> _PROBLEM REQUIREMENTS_: Identical copies of all the records below are needed.

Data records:
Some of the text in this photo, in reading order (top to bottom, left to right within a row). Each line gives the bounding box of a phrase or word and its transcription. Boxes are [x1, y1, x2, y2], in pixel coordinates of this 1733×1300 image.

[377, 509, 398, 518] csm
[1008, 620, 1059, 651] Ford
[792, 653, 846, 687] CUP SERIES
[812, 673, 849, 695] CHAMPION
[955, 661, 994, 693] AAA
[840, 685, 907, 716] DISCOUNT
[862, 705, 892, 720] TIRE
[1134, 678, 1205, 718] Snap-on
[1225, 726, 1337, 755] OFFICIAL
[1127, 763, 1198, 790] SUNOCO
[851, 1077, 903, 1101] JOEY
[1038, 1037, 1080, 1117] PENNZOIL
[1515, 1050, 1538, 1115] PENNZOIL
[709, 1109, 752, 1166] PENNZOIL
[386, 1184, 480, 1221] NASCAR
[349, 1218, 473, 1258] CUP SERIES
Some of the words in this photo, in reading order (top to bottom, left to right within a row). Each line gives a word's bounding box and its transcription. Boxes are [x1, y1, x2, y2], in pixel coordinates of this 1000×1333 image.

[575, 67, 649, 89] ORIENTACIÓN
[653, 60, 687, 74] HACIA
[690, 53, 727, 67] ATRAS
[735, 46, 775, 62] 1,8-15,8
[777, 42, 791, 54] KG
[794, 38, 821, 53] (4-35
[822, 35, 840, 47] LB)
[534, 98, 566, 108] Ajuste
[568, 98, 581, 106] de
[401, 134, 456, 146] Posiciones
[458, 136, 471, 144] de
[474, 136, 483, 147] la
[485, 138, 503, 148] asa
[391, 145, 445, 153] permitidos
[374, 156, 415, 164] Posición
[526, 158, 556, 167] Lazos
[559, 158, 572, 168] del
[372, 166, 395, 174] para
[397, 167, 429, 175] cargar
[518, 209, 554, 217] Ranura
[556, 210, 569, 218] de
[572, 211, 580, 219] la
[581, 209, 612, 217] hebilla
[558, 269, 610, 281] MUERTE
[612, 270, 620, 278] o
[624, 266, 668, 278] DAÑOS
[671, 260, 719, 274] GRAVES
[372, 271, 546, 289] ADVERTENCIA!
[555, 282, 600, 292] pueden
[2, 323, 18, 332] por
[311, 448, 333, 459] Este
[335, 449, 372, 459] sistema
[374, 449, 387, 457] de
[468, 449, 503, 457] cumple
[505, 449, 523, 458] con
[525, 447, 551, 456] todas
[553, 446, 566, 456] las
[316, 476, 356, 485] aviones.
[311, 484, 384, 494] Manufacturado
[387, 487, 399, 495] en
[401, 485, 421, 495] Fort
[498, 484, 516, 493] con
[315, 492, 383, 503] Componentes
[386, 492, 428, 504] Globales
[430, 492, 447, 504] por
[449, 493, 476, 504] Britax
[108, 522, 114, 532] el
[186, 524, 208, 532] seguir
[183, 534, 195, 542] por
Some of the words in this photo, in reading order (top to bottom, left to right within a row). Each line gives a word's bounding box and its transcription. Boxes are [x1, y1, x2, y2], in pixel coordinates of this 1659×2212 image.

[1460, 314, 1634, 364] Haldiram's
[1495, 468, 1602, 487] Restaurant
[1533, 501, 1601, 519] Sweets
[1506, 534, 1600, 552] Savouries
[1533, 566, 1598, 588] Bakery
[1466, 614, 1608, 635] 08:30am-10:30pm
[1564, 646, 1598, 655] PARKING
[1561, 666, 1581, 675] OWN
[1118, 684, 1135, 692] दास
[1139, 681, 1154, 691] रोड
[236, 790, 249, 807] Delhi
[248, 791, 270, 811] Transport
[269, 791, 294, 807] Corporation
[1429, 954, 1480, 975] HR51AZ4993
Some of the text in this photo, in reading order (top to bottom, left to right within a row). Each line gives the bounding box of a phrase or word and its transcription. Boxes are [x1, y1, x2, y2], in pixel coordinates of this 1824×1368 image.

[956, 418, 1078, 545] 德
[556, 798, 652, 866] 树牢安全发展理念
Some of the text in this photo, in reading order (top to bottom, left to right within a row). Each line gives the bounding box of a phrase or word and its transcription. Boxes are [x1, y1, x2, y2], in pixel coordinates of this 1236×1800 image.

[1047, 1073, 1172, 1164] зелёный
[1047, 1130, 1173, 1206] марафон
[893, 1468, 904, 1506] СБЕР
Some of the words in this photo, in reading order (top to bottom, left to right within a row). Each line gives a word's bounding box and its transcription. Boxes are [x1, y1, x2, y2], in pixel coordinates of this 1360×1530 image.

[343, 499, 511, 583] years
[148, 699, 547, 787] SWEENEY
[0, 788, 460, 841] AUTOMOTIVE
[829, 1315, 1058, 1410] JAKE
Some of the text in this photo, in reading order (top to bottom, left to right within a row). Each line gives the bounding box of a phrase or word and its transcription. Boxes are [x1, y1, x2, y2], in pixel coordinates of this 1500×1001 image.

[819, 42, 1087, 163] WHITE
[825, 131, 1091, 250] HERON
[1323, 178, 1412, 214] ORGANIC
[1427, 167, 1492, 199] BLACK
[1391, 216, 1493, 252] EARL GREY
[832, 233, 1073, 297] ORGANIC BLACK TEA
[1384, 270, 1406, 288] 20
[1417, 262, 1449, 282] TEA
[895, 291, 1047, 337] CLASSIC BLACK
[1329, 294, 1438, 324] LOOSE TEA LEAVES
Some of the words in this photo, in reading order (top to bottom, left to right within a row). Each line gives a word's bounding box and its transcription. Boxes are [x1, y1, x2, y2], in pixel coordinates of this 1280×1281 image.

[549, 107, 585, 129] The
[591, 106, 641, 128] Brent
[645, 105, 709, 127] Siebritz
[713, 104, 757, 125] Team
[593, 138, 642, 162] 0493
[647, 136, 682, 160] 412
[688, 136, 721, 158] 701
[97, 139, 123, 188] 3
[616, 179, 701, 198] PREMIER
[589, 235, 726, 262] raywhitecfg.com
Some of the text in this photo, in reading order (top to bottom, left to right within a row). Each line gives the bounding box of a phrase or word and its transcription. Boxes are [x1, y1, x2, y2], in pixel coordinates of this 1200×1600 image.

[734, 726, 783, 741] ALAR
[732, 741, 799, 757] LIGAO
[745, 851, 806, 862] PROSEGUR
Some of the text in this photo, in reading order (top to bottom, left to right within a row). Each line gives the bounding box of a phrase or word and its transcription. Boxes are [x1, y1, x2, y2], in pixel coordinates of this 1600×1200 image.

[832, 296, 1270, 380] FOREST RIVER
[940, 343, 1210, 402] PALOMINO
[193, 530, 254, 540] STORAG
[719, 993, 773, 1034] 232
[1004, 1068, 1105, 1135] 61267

> _WRITTEN SOLUTION_:
Some of the text in this photo, in reading order (top to bottom, left to right within a row). Each line gives the bounding box of a phrase or word and its transcription. Boxes are [x1, y1, x2, y2], in pixel coordinates of this 1733×1300 image.

[377, 509, 398, 518] csm
[1008, 620, 1059, 651] Ford
[792, 653, 846, 687] CUP SERIES
[812, 673, 849, 695] CHAMPION
[955, 661, 994, 693] AAA
[840, 685, 907, 716] DISCOUNT
[862, 705, 892, 720] TIRE
[1134, 678, 1205, 718] Snap-on
[1225, 726, 1337, 755] OFFICIAL
[1127, 763, 1198, 790] SUNOCO
[851, 1077, 903, 1101] JOEY
[1038, 1037, 1080, 1117] PENNZOIL
[1515, 1050, 1538, 1115] PENNZOIL
[709, 1109, 752, 1166] PENNZOIL
[386, 1184, 480, 1221] NASCAR
[349, 1218, 473, 1258] CUP SERIES
Some of the words in this photo, in reading order (top to bottom, left to right within a row). Each line gives a word's bounding box and its transcription. Boxes are [x1, y1, x2, y2], in pixel coordinates of this 1000×1333 image.

[575, 67, 649, 89] ORIENTACIÓN
[653, 60, 687, 74] HACIA
[690, 53, 727, 67] ATRAS
[735, 46, 775, 62] 1,8-15,8
[777, 42, 791, 54] KG
[794, 38, 821, 53] (4-35
[822, 35, 840, 47] LB)
[534, 98, 566, 108] Ajuste
[568, 98, 581, 106] de
[401, 134, 456, 146] Posiciones
[458, 136, 471, 144] de
[474, 136, 483, 147] la
[485, 138, 503, 148] asa
[391, 145, 445, 153] permitidos
[374, 156, 415, 164] Posición
[526, 158, 556, 167] Lazos
[559, 158, 572, 168] del
[372, 166, 395, 174] para
[397, 167, 429, 175] cargar
[518, 209, 554, 217] Ranura
[556, 210, 569, 218] de
[572, 211, 580, 219] la
[581, 209, 612, 217] hebilla
[558, 269, 610, 281] MUERTE
[612, 270, 620, 278] o
[624, 266, 668, 278] DAÑOS
[671, 260, 719, 274] GRAVES
[372, 271, 546, 289] ADVERTENCIA!
[555, 282, 600, 292] pueden
[2, 323, 18, 332] por
[311, 448, 333, 459] Este
[335, 449, 372, 459] sistema
[374, 449, 387, 457] de
[468, 449, 503, 457] cumple
[505, 449, 523, 458] con
[525, 447, 551, 456] todas
[553, 446, 566, 456] las
[316, 476, 356, 485] aviones.
[311, 484, 384, 494] Manufacturado
[387, 487, 399, 495] en
[401, 485, 421, 495] Fort
[498, 484, 516, 493] con
[315, 492, 383, 503] Componentes
[386, 492, 428, 504] Globales
[430, 492, 447, 504] por
[449, 493, 476, 504] Britax
[108, 522, 114, 532] el
[186, 524, 208, 532] seguir
[183, 534, 195, 542] por
Some of the words in this photo, in reading order (top to bottom, left to right within a row). Each line gives a word's bounding box and its transcription. Boxes are [x1, y1, x2, y2], in pixel coordinates of this 1659×2212 image.

[1460, 314, 1634, 364] Haldiram's
[1495, 468, 1602, 487] Restaurant
[1533, 501, 1601, 519] Sweets
[1506, 534, 1600, 552] Savouries
[1533, 566, 1598, 588] Bakery
[1466, 614, 1608, 635] 08:30am-10:30pm
[1564, 646, 1598, 655] PARKING
[1561, 666, 1581, 675] OWN
[1118, 684, 1135, 692] दास
[1139, 681, 1154, 691] रोड
[236, 790, 249, 807] Delhi
[248, 791, 270, 811] Transport
[269, 791, 294, 807] Corporation
[1429, 954, 1480, 975] HR51AZ4993
Some of the text in this photo, in reading order (top to bottom, left to right within a row). Each line gives the bounding box of a phrase or word and its transcription. Boxes are [x1, y1, x2, y2], in pixel coordinates of this 1824×1368 image.

[956, 418, 1078, 545] 德
[556, 798, 652, 866] 树牢安全发展理念
Some of the text in this photo, in reading order (top to bottom, left to right within a row). Each line gives the bounding box of a phrase or word and its transcription. Boxes are [x1, y1, x2, y2], in pixel coordinates of this 1236×1800 image.

[1047, 1073, 1172, 1164] зелёный
[1047, 1130, 1173, 1206] марафон
[893, 1468, 904, 1506] СБЕР
Some of the words in this photo, in reading order (top to bottom, left to right within a row). Each line gives a word's bounding box and its transcription. Boxes are [x1, y1, x2, y2], in pixel coordinates of this 1360×1530 image.

[343, 499, 511, 583] years
[148, 699, 547, 787] SWEENEY
[0, 788, 460, 841] AUTOMOTIVE
[829, 1315, 1058, 1410] JAKE
Some of the text in this photo, in reading order (top to bottom, left to right within a row). Each line gives the bounding box of a phrase or word and its transcription. Boxes are [x1, y1, x2, y2], in pixel coordinates of this 1500×1001 image.

[819, 42, 1087, 163] WHITE
[825, 131, 1091, 250] HERON
[1323, 178, 1412, 214] ORGANIC
[1427, 167, 1492, 199] BLACK
[1391, 216, 1493, 252] EARL GREY
[832, 233, 1073, 297] ORGANIC BLACK TEA
[1384, 270, 1406, 288] 20
[1417, 262, 1449, 282] TEA
[895, 291, 1047, 337] CLASSIC BLACK
[1329, 294, 1438, 324] LOOSE TEA LEAVES
Some of the words in this photo, in reading order (top to bottom, left to right within a row). Each line gives a word's bounding box and its transcription. Boxes are [x1, y1, x2, y2], in pixel coordinates of this 1280×1281 image.

[549, 107, 585, 129] The
[591, 106, 641, 128] Brent
[645, 105, 709, 127] Siebritz
[713, 104, 757, 125] Team
[593, 138, 642, 162] 0493
[647, 136, 682, 160] 412
[688, 136, 721, 158] 701
[97, 139, 123, 188] 3
[616, 179, 701, 198] PREMIER
[589, 235, 726, 262] raywhitecfg.com
Some of the text in this photo, in reading order (top to bottom, left to right within a row). Each line gives the bounding box of a phrase or word and its transcription. Boxes are [x1, y1, x2, y2], in pixel coordinates of this 1200×1600 image.

[734, 726, 783, 741] ALAR
[732, 741, 799, 757] LIGAO
[745, 851, 806, 862] PROSEGUR
Some of the text in this photo, in reading order (top to bottom, left to right within a row). Each line gives the bounding box of a phrase or word and its transcription. Boxes are [x1, y1, x2, y2], in pixel coordinates of this 1600×1200 image.

[832, 296, 1270, 380] FOREST RIVER
[940, 343, 1210, 402] PALOMINO
[193, 530, 254, 540] STORAG
[719, 993, 773, 1034] 232
[1004, 1068, 1105, 1135] 61267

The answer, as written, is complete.